━━━━━ Extracted information
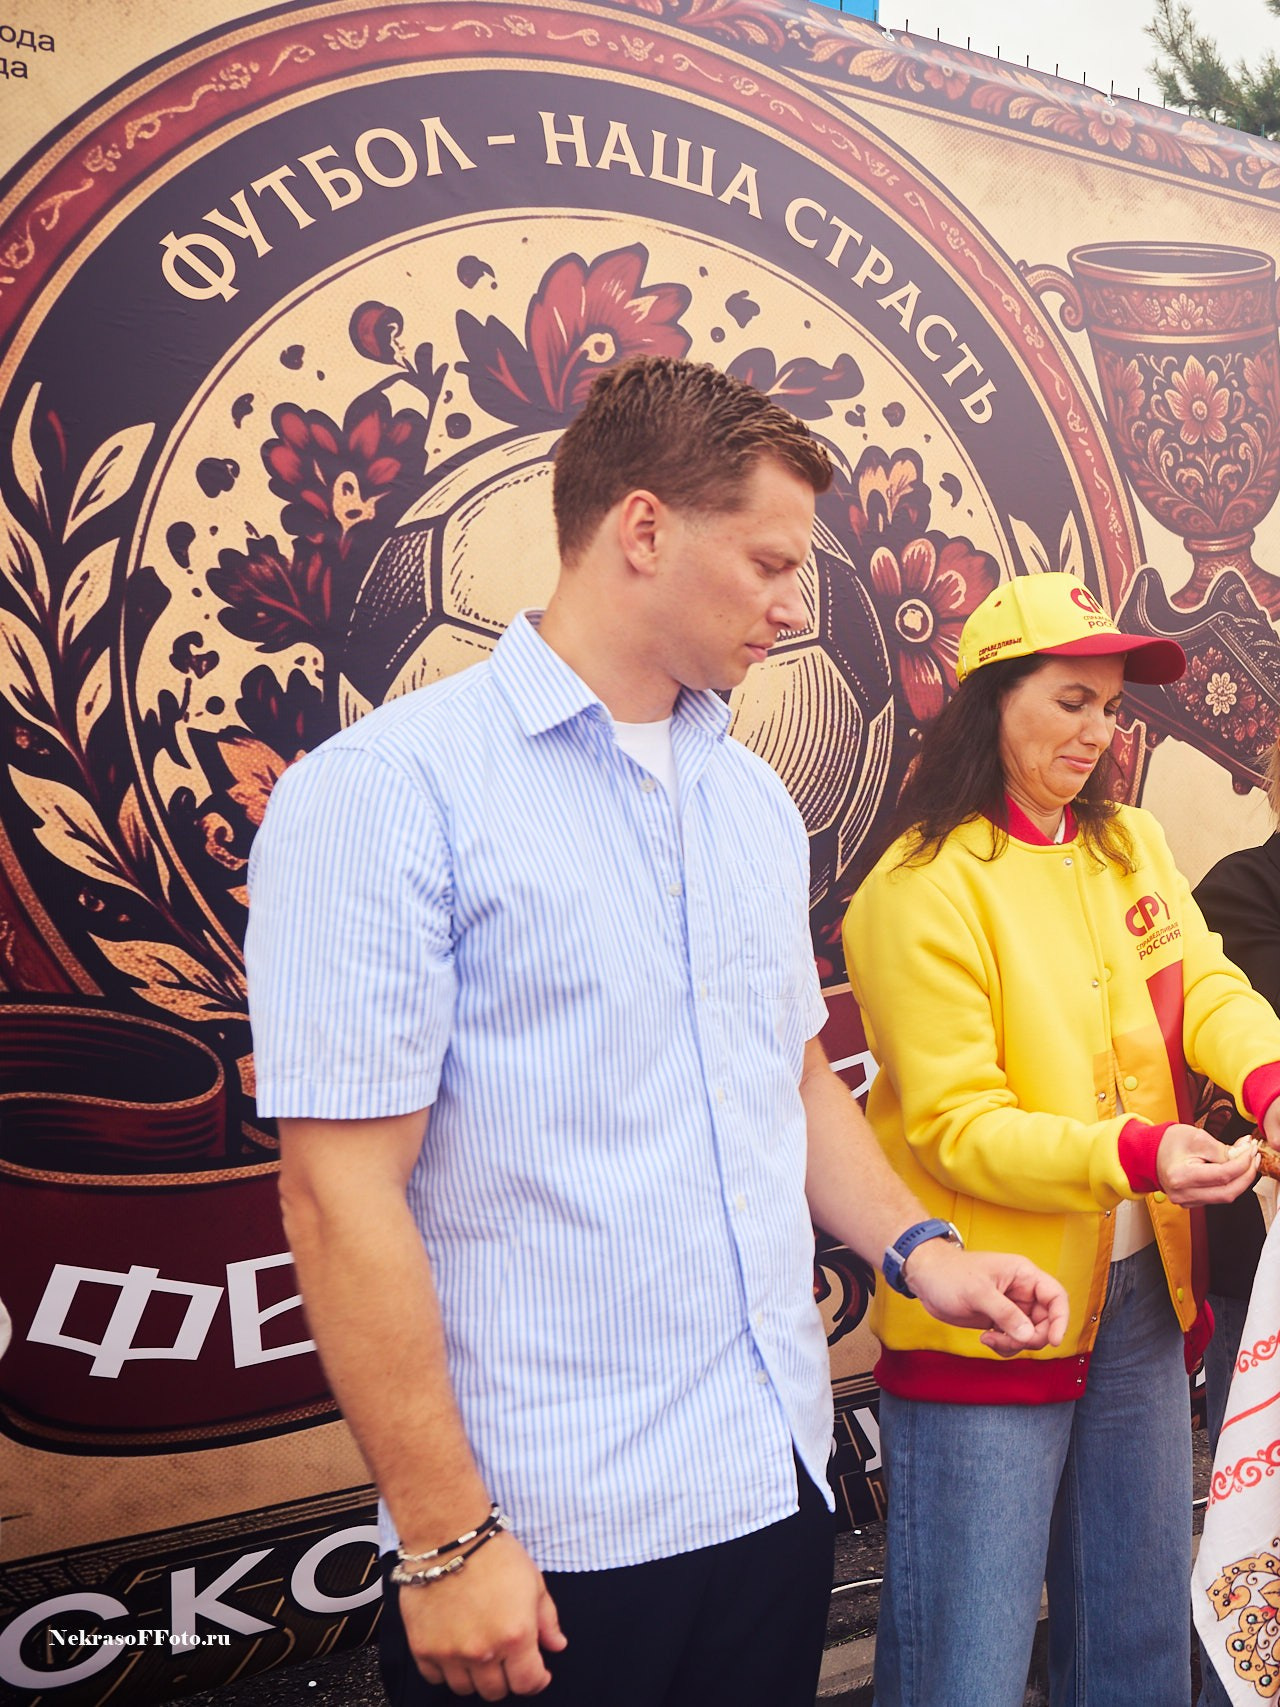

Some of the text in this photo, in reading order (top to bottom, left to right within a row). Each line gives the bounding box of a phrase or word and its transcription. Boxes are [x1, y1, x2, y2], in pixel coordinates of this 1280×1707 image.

[0, 25, 55, 53] ода
[0, 57, 28, 80] да
[160, 111, 995, 426] ФУТБОЛ - НАША СТРАСТЬ
[1138, 929, 1182, 960] РОССИЯ
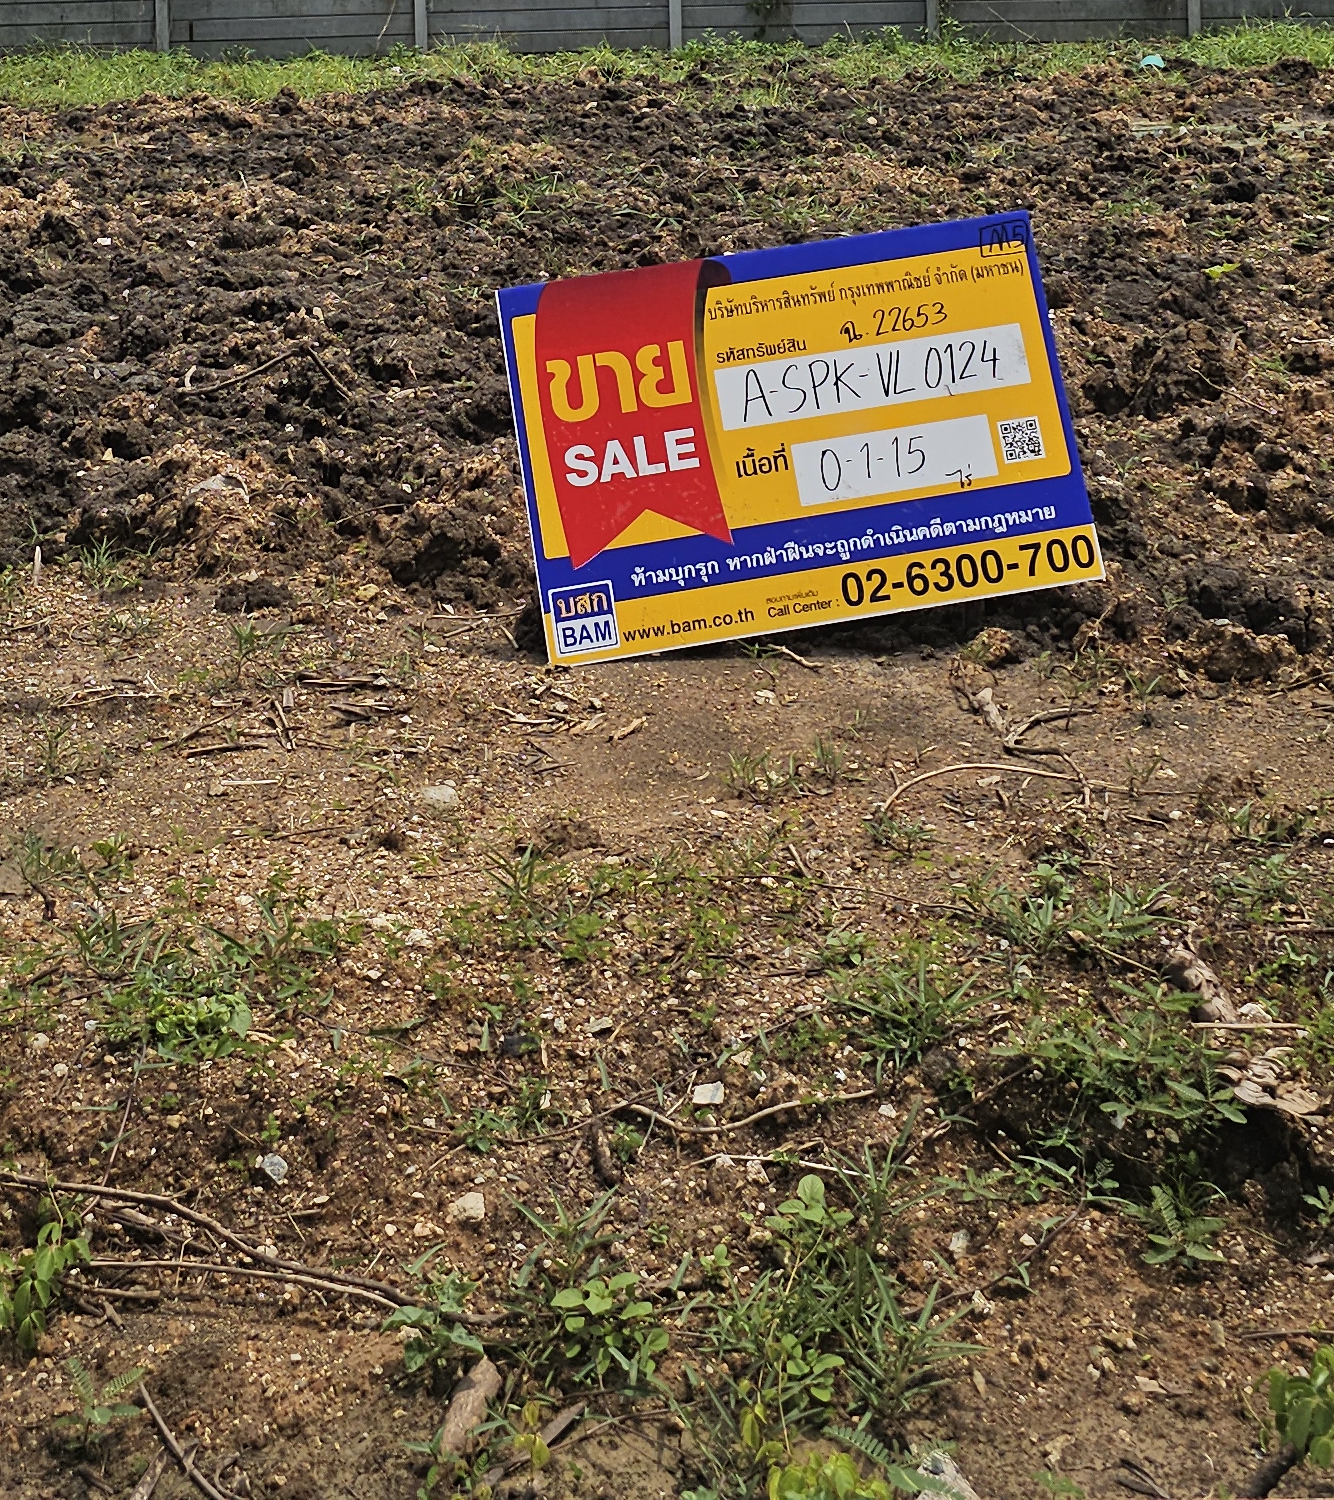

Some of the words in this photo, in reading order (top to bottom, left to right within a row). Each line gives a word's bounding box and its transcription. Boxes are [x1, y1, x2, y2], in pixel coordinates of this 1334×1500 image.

[708, 281, 836, 321] บริษัทบริหารสินทรัพย์
[838, 266, 932, 307] กรุงเทพพาณิชย์
[934, 263, 969, 286] จำกัด
[716, 338, 808, 365] รหัสทรัพย์สิน
[545, 339, 693, 423] ขาย
[564, 427, 700, 487] SALE
[735, 443, 789, 479] เนื้อที่
[630, 557, 720, 587] ห้ามบุกรุก
[767, 603, 791, 619] Call
[792, 599, 833, 615] Center
[840, 533, 1097, 609] 02-6300-700
[556, 592, 609, 618] บสก
[561, 619, 613, 648] BAM
[622, 607, 756, 643] www.bam.co.th
━━━━━━━━━━
**What is expected:**
Print every entry exactly; omit the pictures.

**Output of the task:**
Some of the text in this photo, in reading order (top to bottom, left to right within a row). Each line gives the bounding box of a phrase or word and its transcription. Boxes are [x1, y1, x2, y2], in pixel coordinates of this 1280×1707 image.

[0, 25, 55, 53] ода
[0, 57, 28, 80] да
[160, 111, 995, 426] ФУТБОЛ - НАША СТРАСТЬ
[1138, 929, 1182, 960] РОССИЯ

Some of the words in this photo, in reading order (top to bottom, left to right within a row). Each line gives a word's bounding box and its transcription. Boxes are [x1, y1, x2, y2], in pixel coordinates of this 1334×1500 image.

[708, 281, 836, 321] บริษัทบริหารสินทรัพย์
[838, 266, 932, 307] กรุงเทพพาณิชย์
[934, 263, 969, 286] จำกัด
[716, 338, 808, 365] รหัสทรัพย์สิน
[545, 339, 693, 423] ขาย
[564, 427, 700, 487] SALE
[735, 443, 789, 479] เนื้อที่
[630, 557, 720, 587] ห้ามบุกรุก
[767, 603, 791, 619] Call
[792, 599, 833, 615] Center
[840, 533, 1097, 609] 02-6300-700
[556, 592, 609, 618] บสก
[561, 619, 613, 648] BAM
[622, 607, 756, 643] www.bam.co.th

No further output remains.